* _SUPPLIED RECORDS_
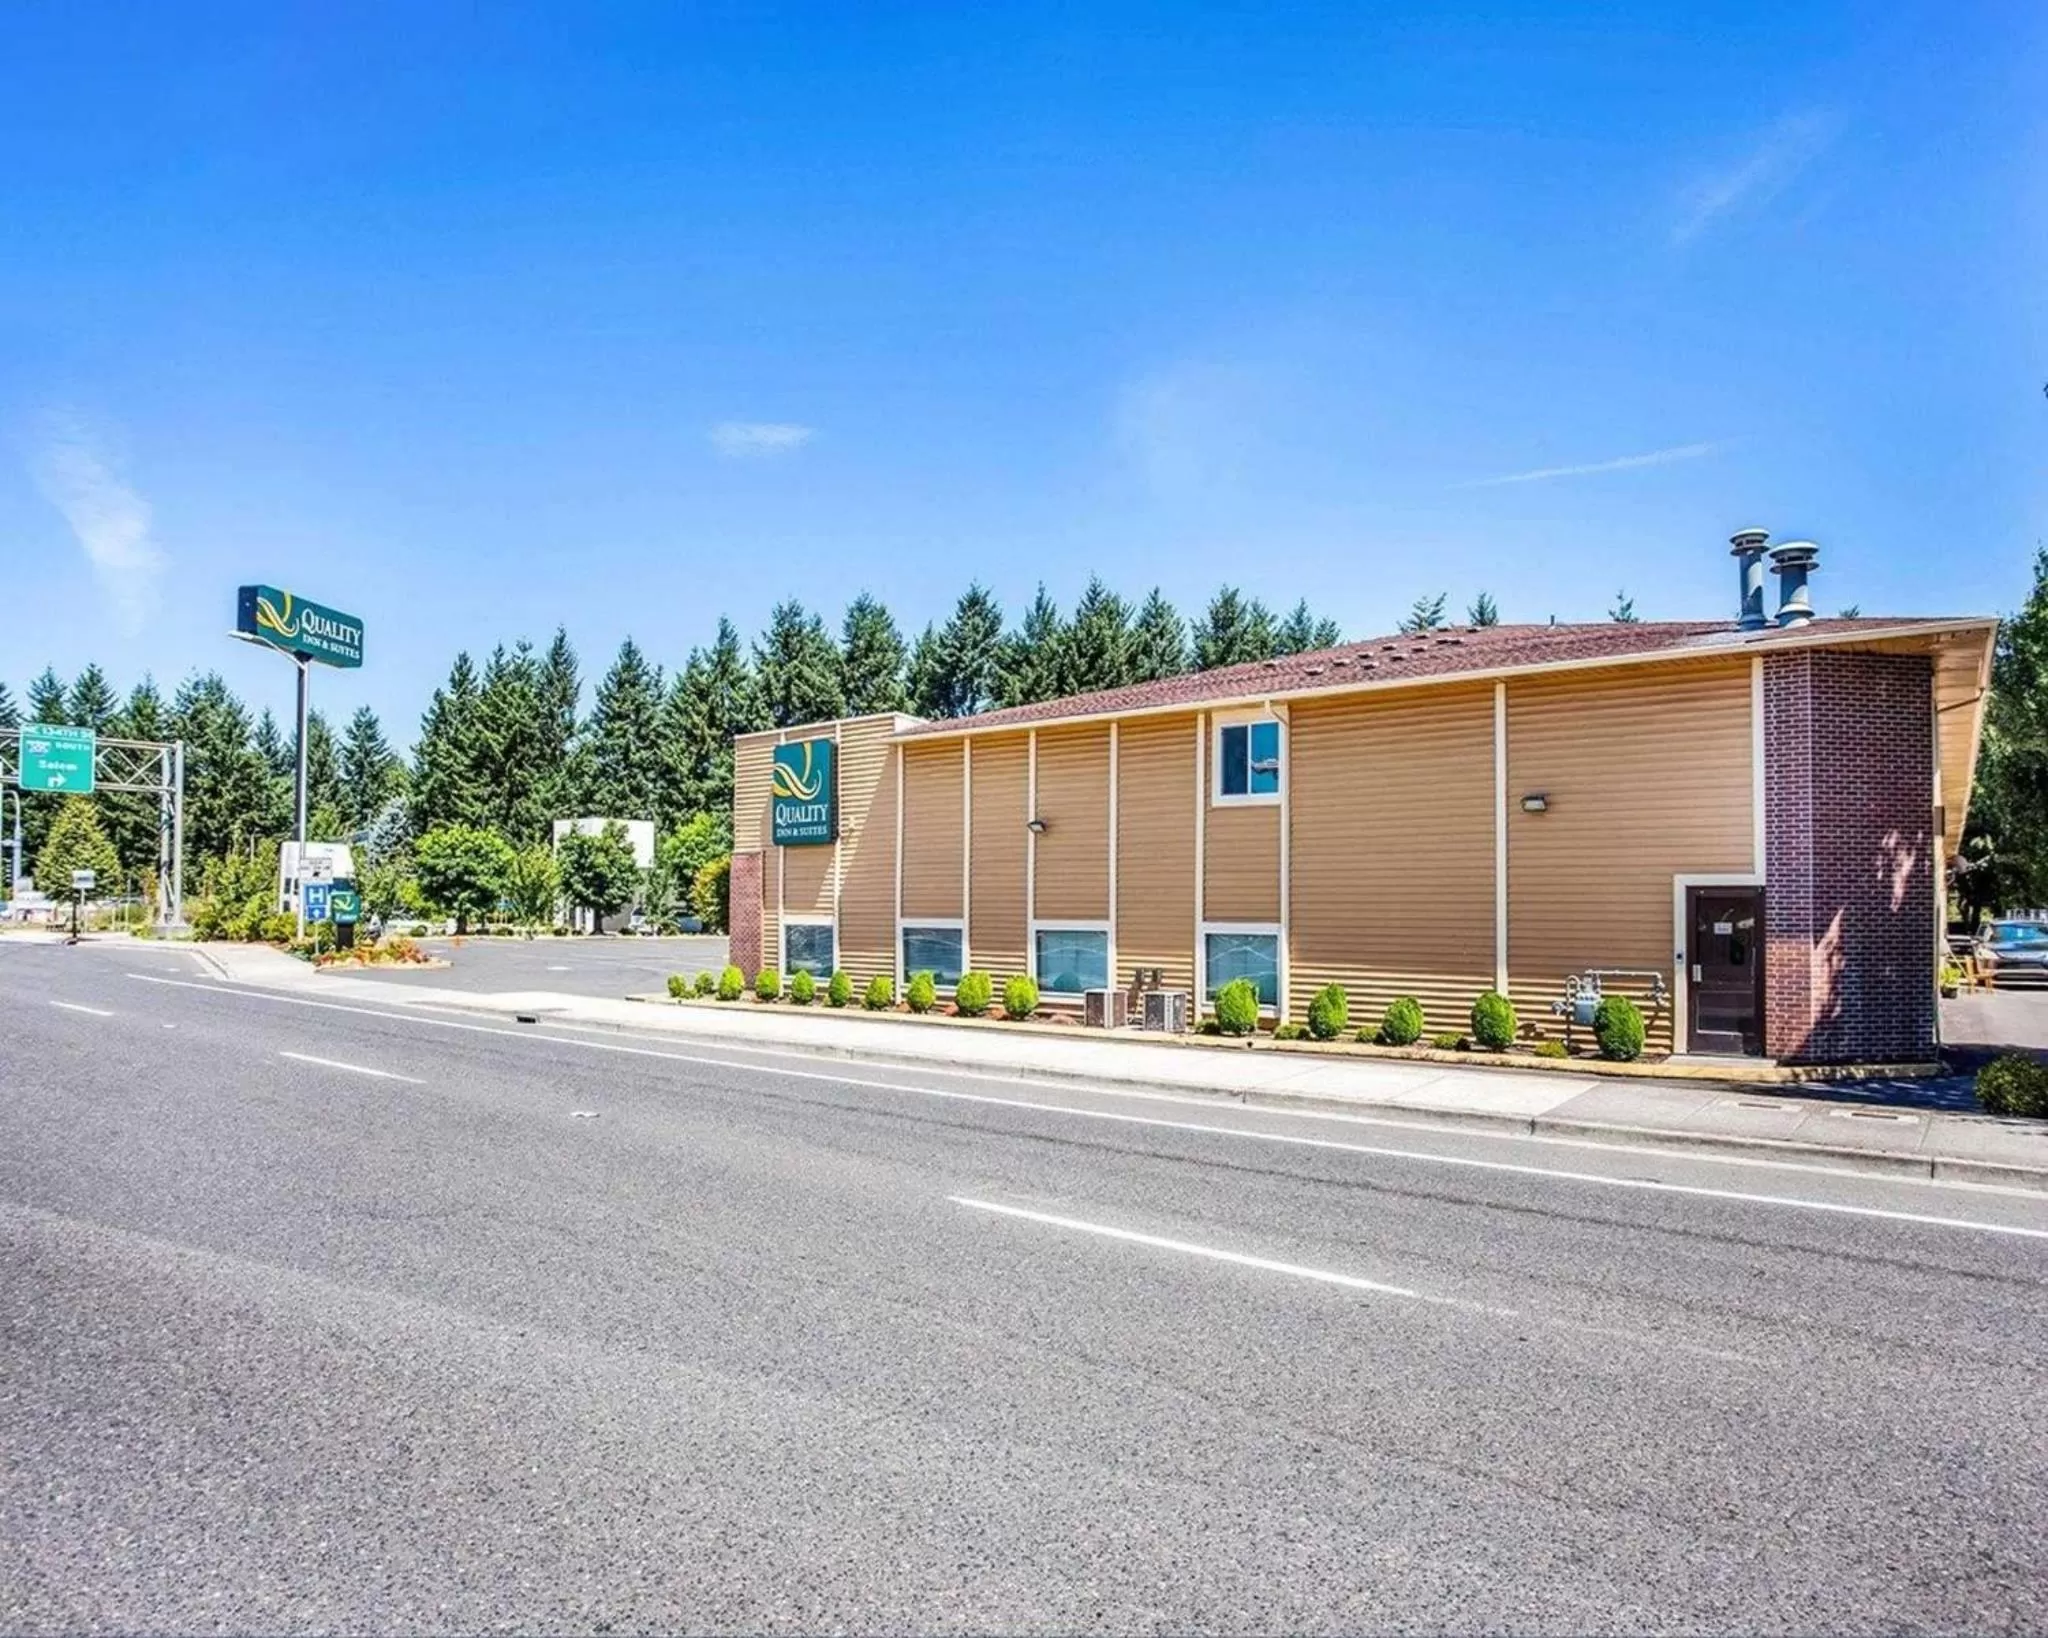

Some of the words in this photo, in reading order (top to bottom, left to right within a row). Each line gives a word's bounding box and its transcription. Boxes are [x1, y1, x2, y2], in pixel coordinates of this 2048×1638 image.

[301, 608, 361, 646] QUALITY
[303, 633, 321, 647] INN
[322, 640, 329, 649] &
[330, 642, 360, 659] SUITES
[38, 759, 78, 771] Salem
[776, 803, 828, 827] QUALITY
[776, 828, 791, 837] INN
[799, 825, 827, 837] SUITES
[308, 887, 324, 904] H

* _AIM OF THE EXERCISE_
All of the material shown above needs to be duplicated exactly. Omit every picture.

* _RESULT OF THE EXERCISE_
Some of the words in this photo, in reading order (top to bottom, left to right within a row). Each line gives a word's bounding box and its transcription. Boxes are [x1, y1, x2, y2], in pixel coordinates of this 2048×1638 image.

[301, 608, 361, 646] QUALITY
[303, 633, 321, 647] INN
[322, 640, 329, 649] &
[330, 642, 360, 659] SUITES
[38, 759, 78, 771] Salem
[776, 803, 828, 827] QUALITY
[776, 828, 791, 837] INN
[799, 825, 827, 837] SUITES
[308, 887, 324, 904] H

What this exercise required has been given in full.